Deceptive Patterns
‹ All reading

AI-Powered Deception: A Deeper Dimension of Dark Design Patterns in Conversational AI Tools and Platforms

Author
Center for Democracy & Technology
Date
15 Sept 2025
Publisher
Center for Democracy & Technology
Focus
AI & Automation, Ethics & Responsibility, Law & Policy
Category
Consumer Group or NGO

CDT commentary analyses how AI systems can amplify deceptive design, including chatbots and personalised manipulation.

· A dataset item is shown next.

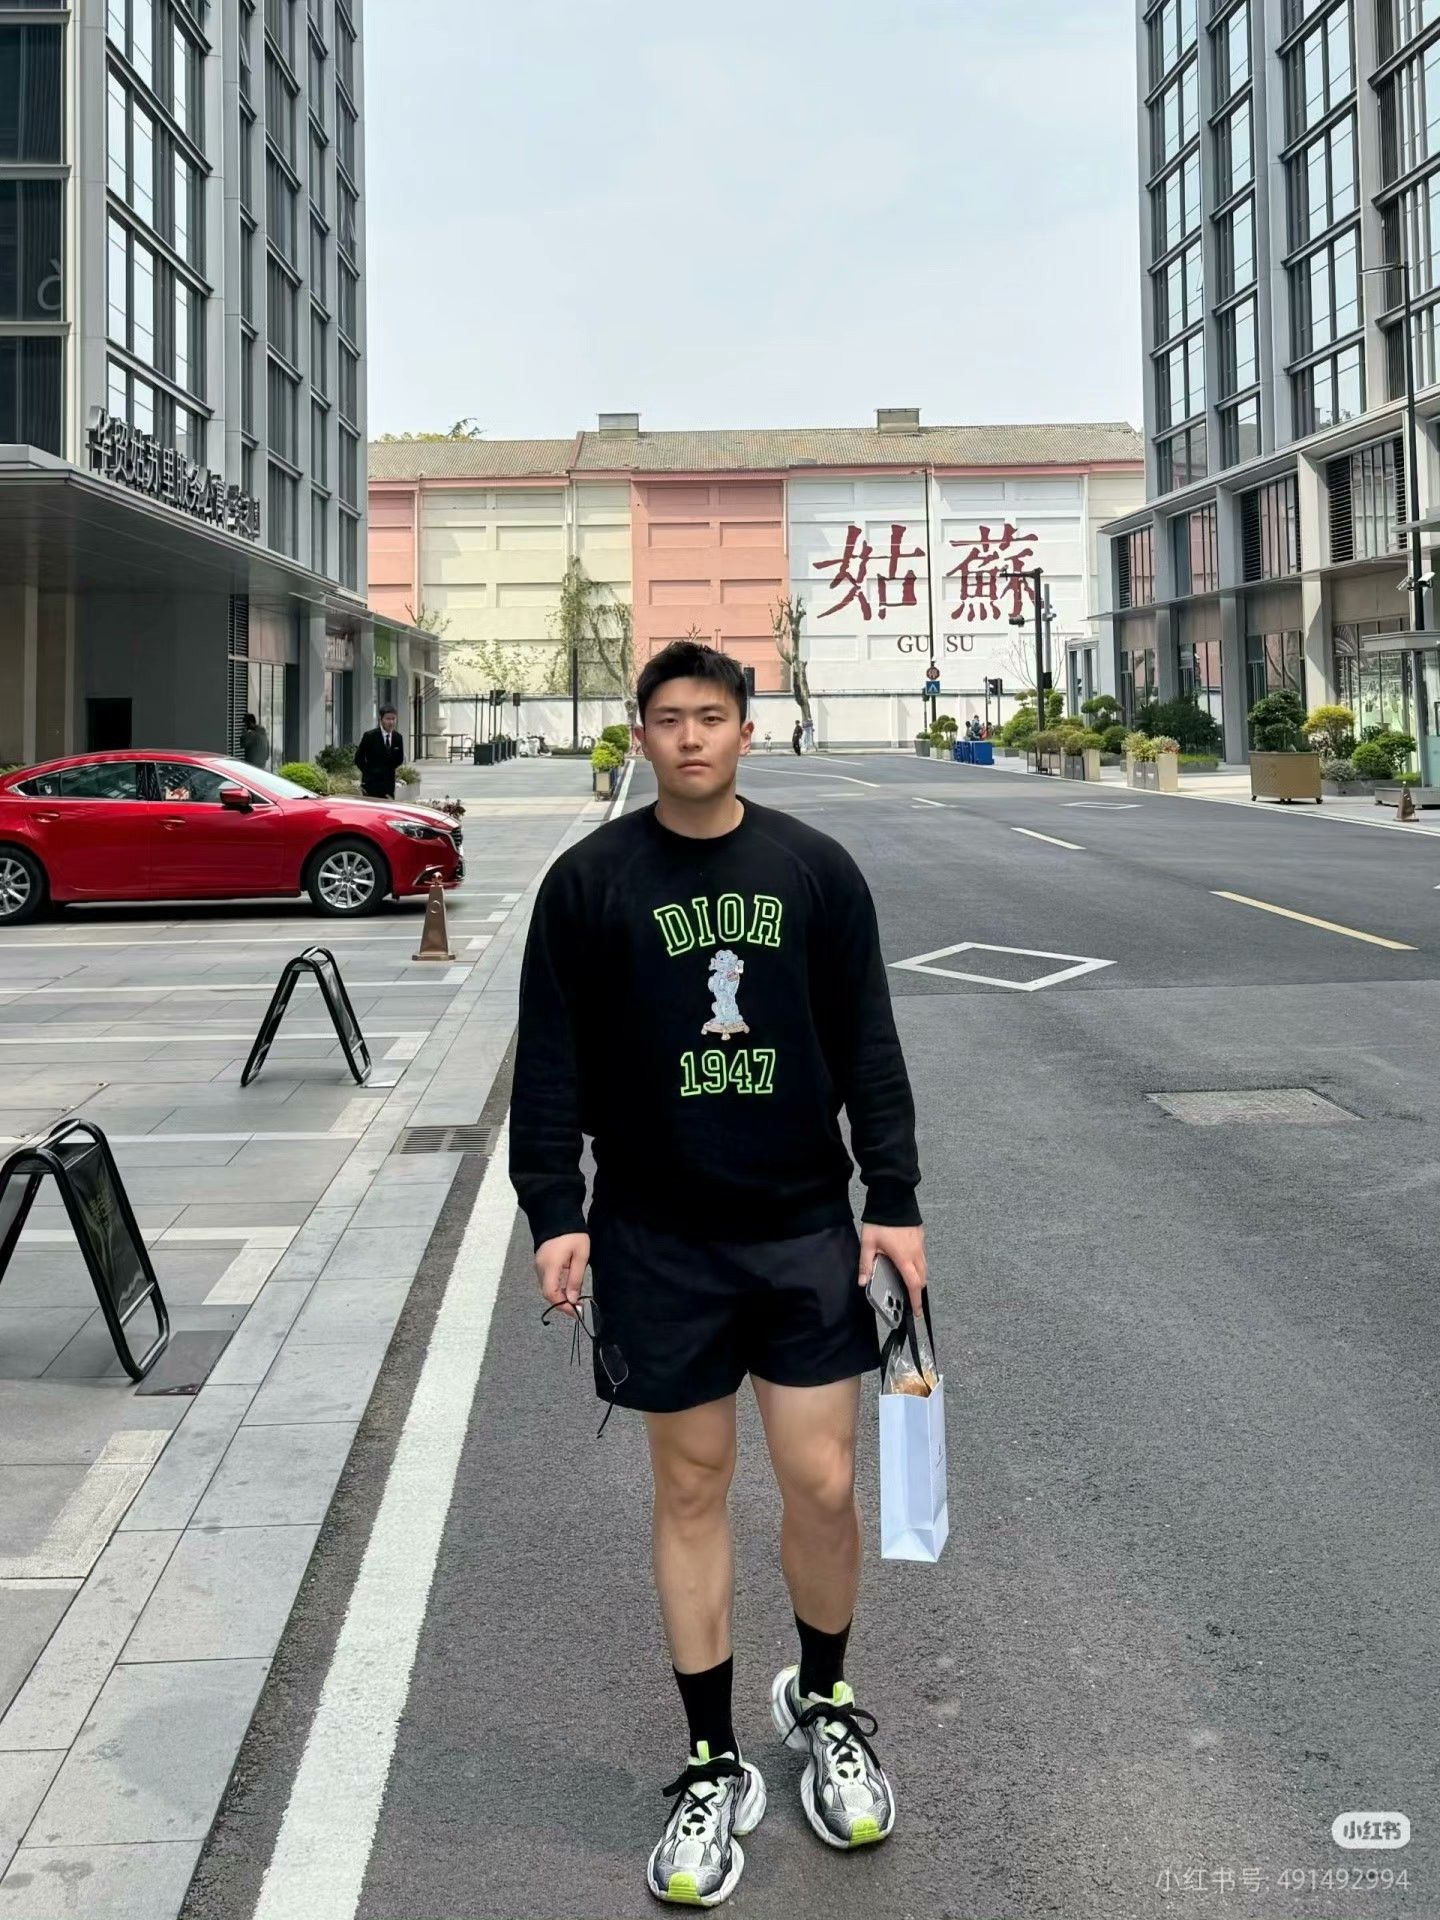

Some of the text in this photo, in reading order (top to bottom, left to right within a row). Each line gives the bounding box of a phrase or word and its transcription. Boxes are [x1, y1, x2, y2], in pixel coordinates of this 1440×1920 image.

[897, 634, 975, 653] GU SU
[653, 893, 783, 957] DIOR
[680, 1049, 776, 1096] 1947

Today, dark patterns have begun to emerge in conversational AI tools, including general use platforms like OpenAI’s ChatGPT or Anthropic’s Claude and character-based platforms such as Replika and Character.AI. These platforms, which are enabled through Large Language Models (LLMs), are used to ask questions, conduct research, brainstorm and explore ideas. The powerful algorithms underlying these tools are trained on large datasets of text, media, and internet content. This range of data sources enables the tools to replicate and process human speech. This facilitates users’ ability to prompt the tools using natural language and receive outputs that are similarly natural and conversational. Many platforms also include the option for users to interact using voice, and to upload pictures and documents. Increasingly, as the models behind these tools become more refined, users are increasingly turning to these tools to seek expert and social interactions alike, on topics ranging from friendship, to therapy, to medical advice.

These platforms don’t just look different from earlier tools in their capabilities and in the ways users interact with them. Dark patterns, too, are expressed in new ways that are yet to be fully determined and identified, but a brief look suggests they are more embedded, more creative, indirect, and subtle.